Segment Start: SOURCE DATA
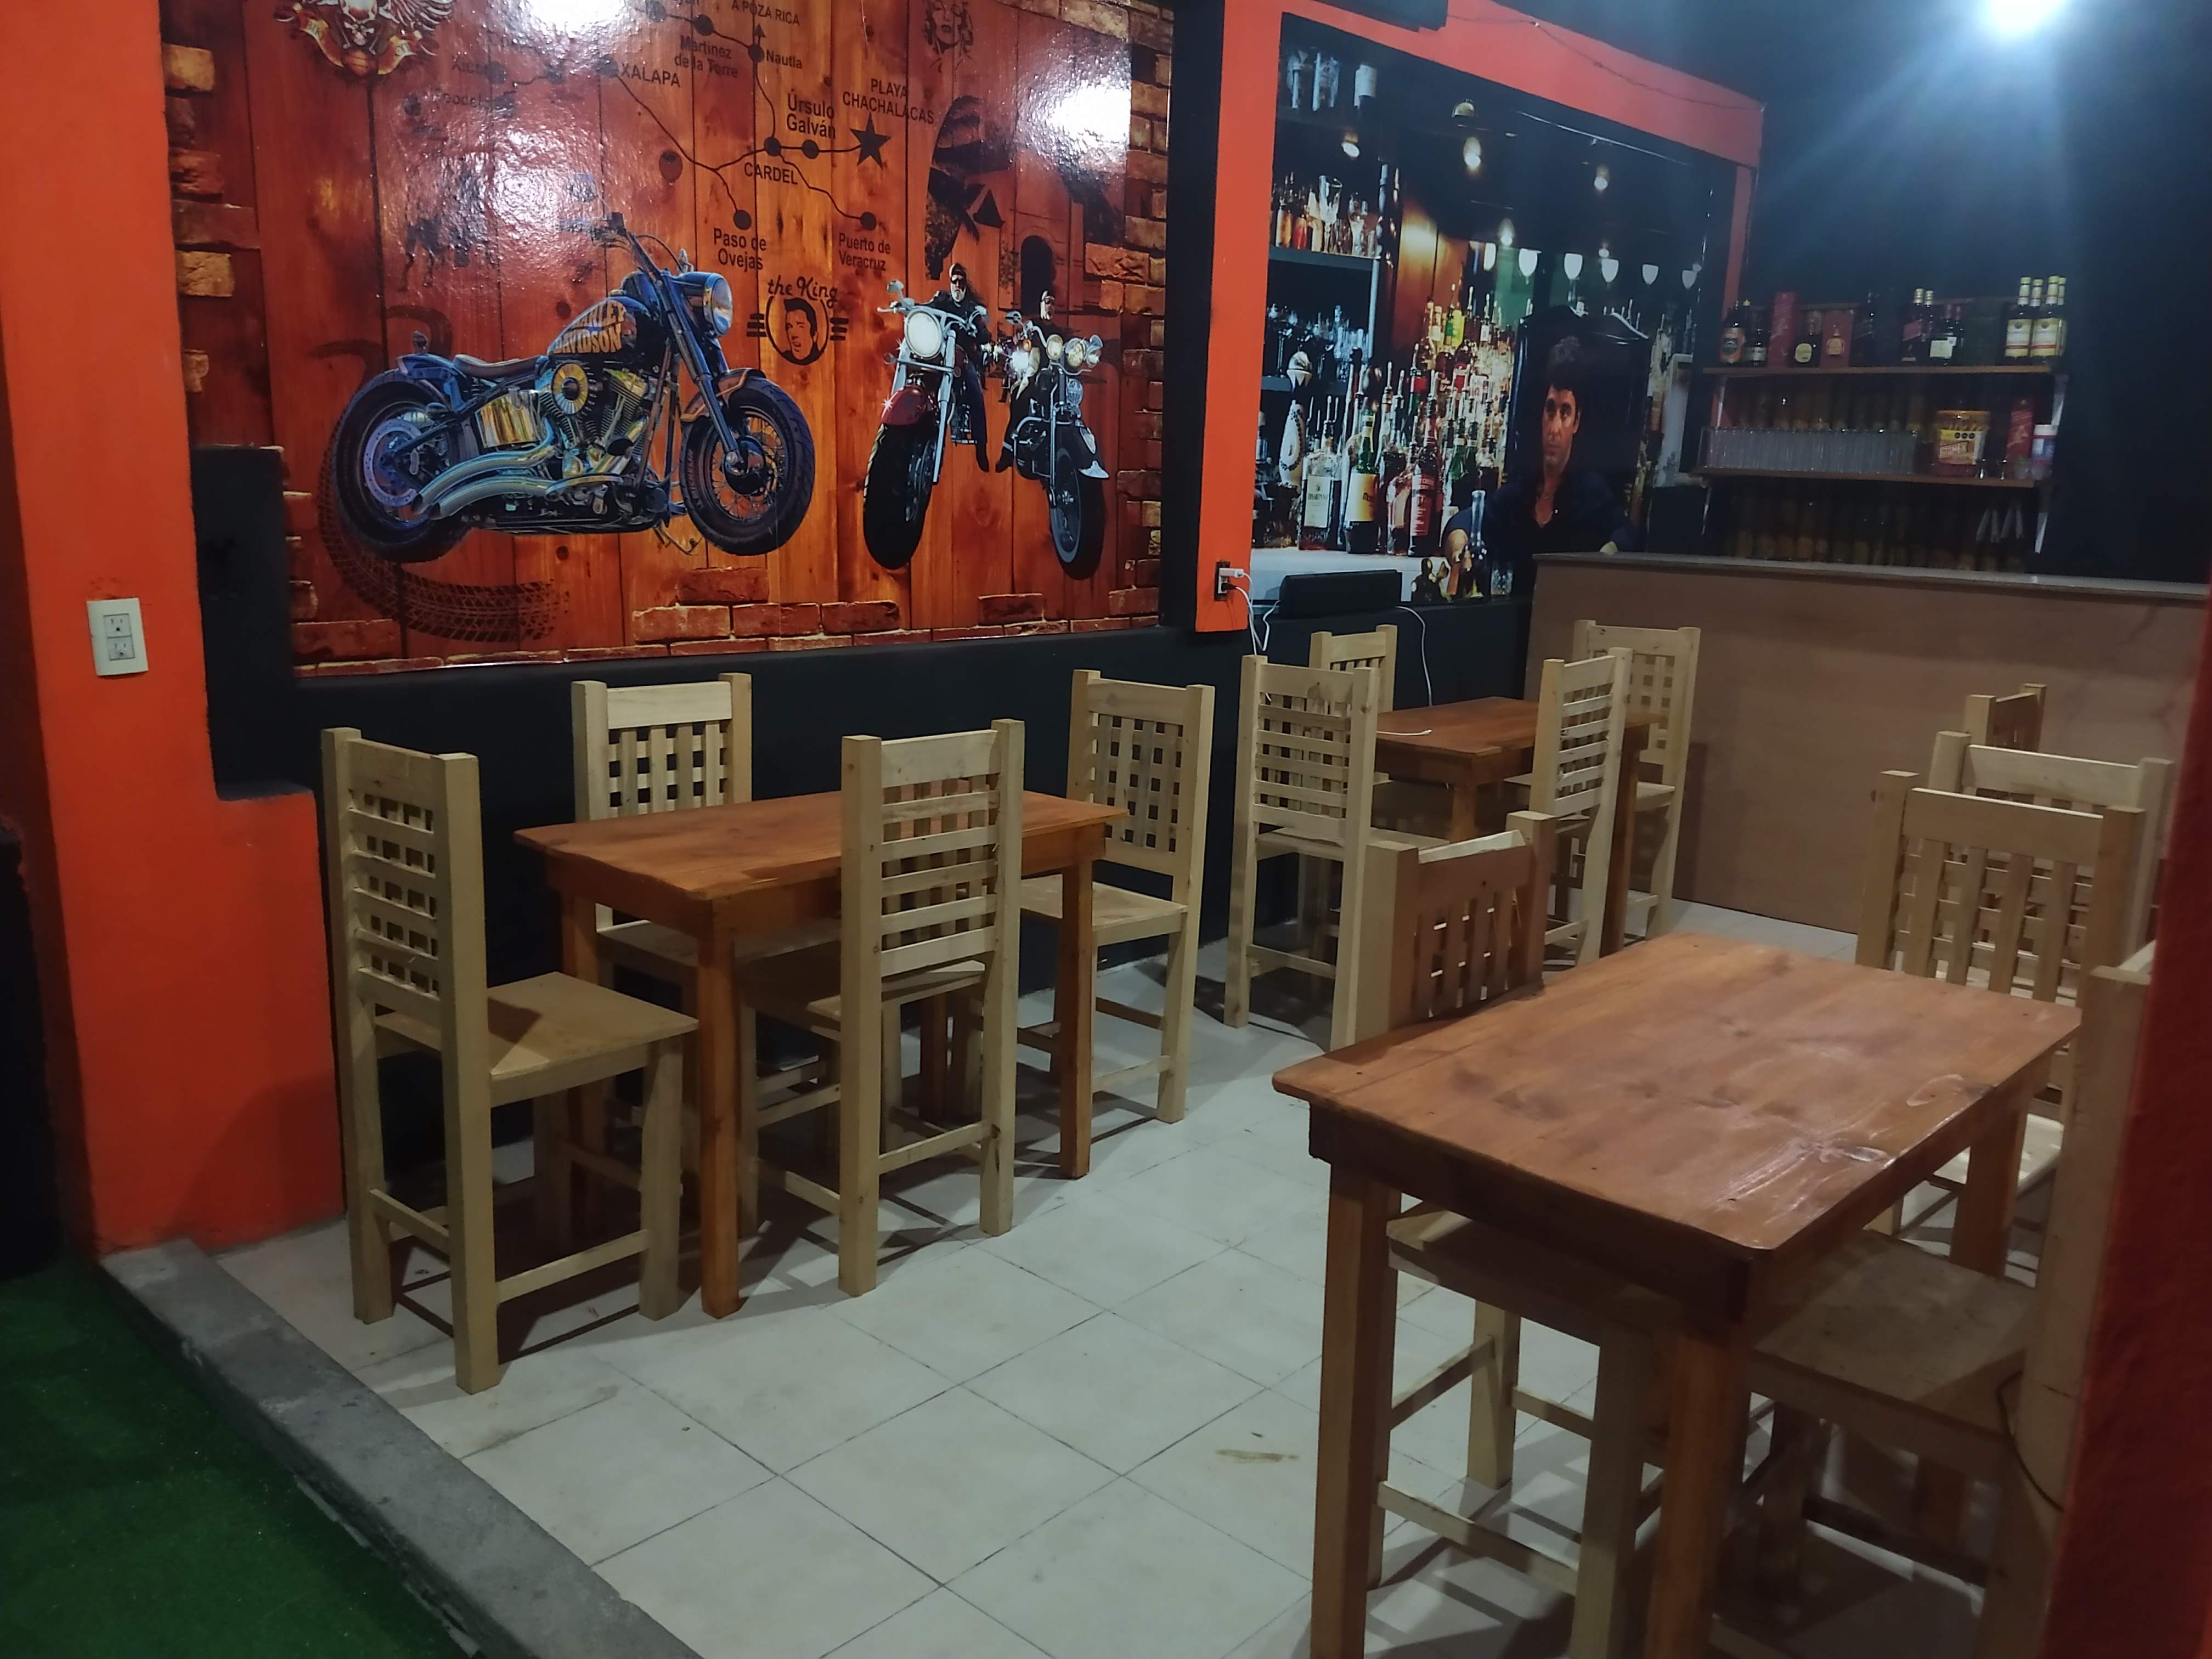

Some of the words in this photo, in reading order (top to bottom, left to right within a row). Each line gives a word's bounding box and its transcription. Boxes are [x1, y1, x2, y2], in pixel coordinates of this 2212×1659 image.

[742, 1, 771, 19] POZA
[775, 8, 800, 26] RICA
[674, 53, 689, 67] de
[692, 55, 703, 71] la
[707, 58, 738, 78] Torre
[766, 50, 802, 69] Nautla
[622, 63, 680, 87] XALAPA
[871, 78, 906, 98] PLAYA
[787, 88, 834, 120] Úrsulo
[843, 91, 934, 125] CHACHALACAS
[787, 114, 836, 139] Galván
[744, 162, 798, 185] CARDEL
[714, 228, 747, 250] Paso
[751, 236, 766, 251] de
[839, 232, 874, 252] Puerto
[878, 240, 891, 255] de
[718, 249, 763, 272] Ovejas
[839, 250, 887, 272] Veracruz
[768, 275, 793, 296] the
[797, 276, 838, 309] King
[552, 322, 622, 354] DAVIDSON
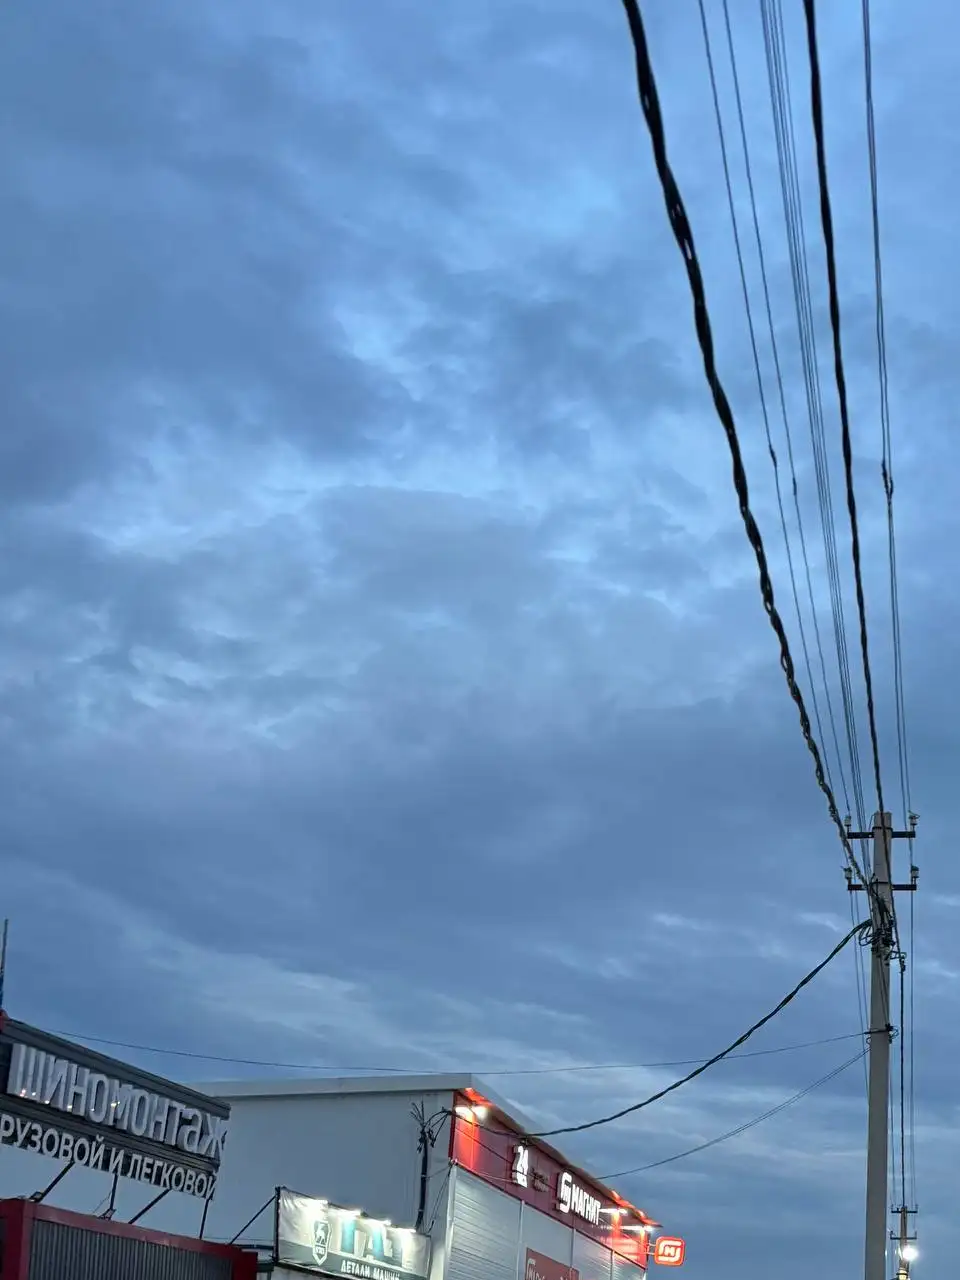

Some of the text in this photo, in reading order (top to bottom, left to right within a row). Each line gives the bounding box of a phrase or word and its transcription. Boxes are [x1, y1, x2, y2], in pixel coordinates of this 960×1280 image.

[0, 1113, 219, 1200] РУЗОВОЙ И ЛЕГКОВОЙ
[571, 1184, 601, 1225] МАГНИТ
[340, 1259, 371, 1278] ДЕТАЛИ
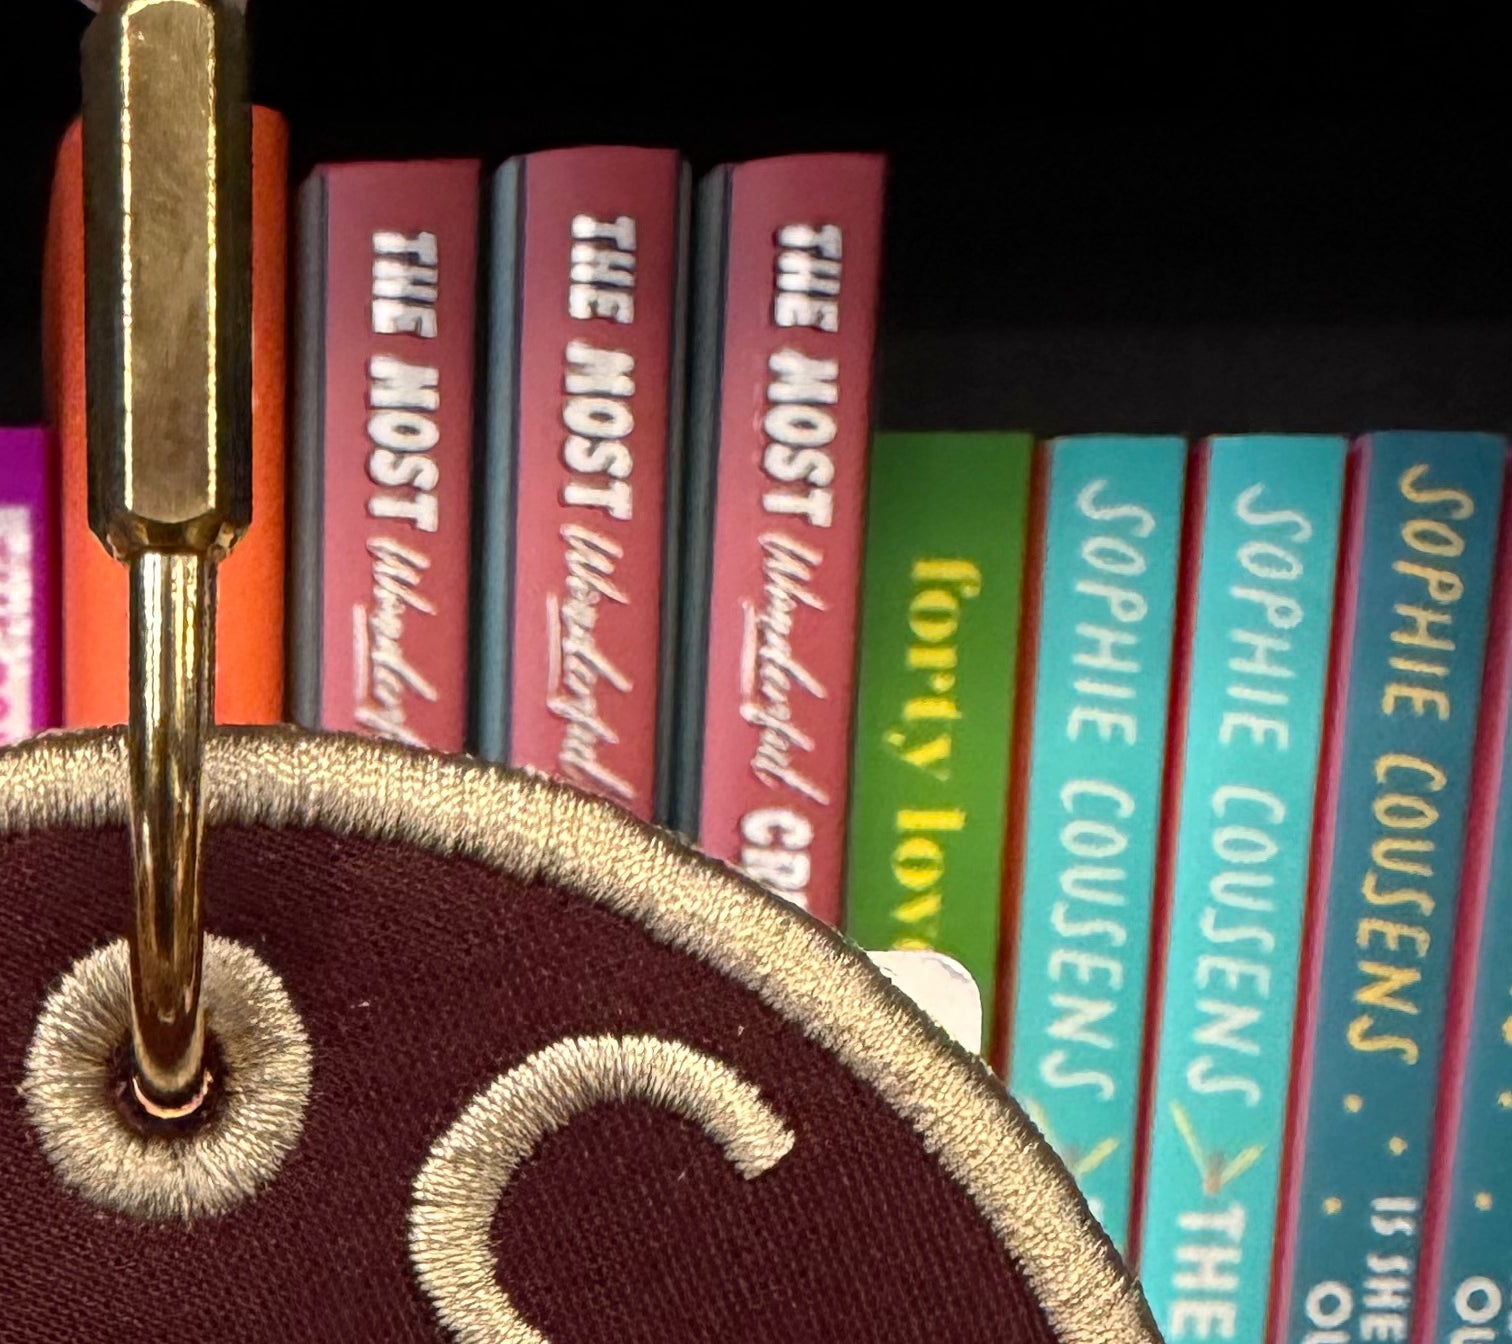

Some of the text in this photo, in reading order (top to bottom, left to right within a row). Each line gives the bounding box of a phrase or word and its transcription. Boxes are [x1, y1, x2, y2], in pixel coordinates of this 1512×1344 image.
Segment End: SOURCE DATA
ACTIVITY:
Only the lines from the one containing "this 960×1280 image." through the end of the records are wanted, set down exactly and without their pictures.

RESPONSE BELOW:
Some of the text in this photo, in reading order (top to bottom, left to right within a row). Each line gives the bounding box of a phrase or word and its transcription. Boxes are [x1, y1, x2, y2], in pixel coordinates of this 960×1280 image.

[0, 1113, 219, 1200] РУЗОВОЙ И ЛЕГКОВОЙ
[571, 1184, 601, 1225] МАГНИТ
[340, 1259, 371, 1278] ДЕТАЛИ

Some of the text in this photo, in reading order (top to bottom, left to right within a row). Each line gives the bounding box of a phrase or word and its transcription. Boxes are [x1, y1, x2, y2], in pixel coordinates of this 1512×1344 image.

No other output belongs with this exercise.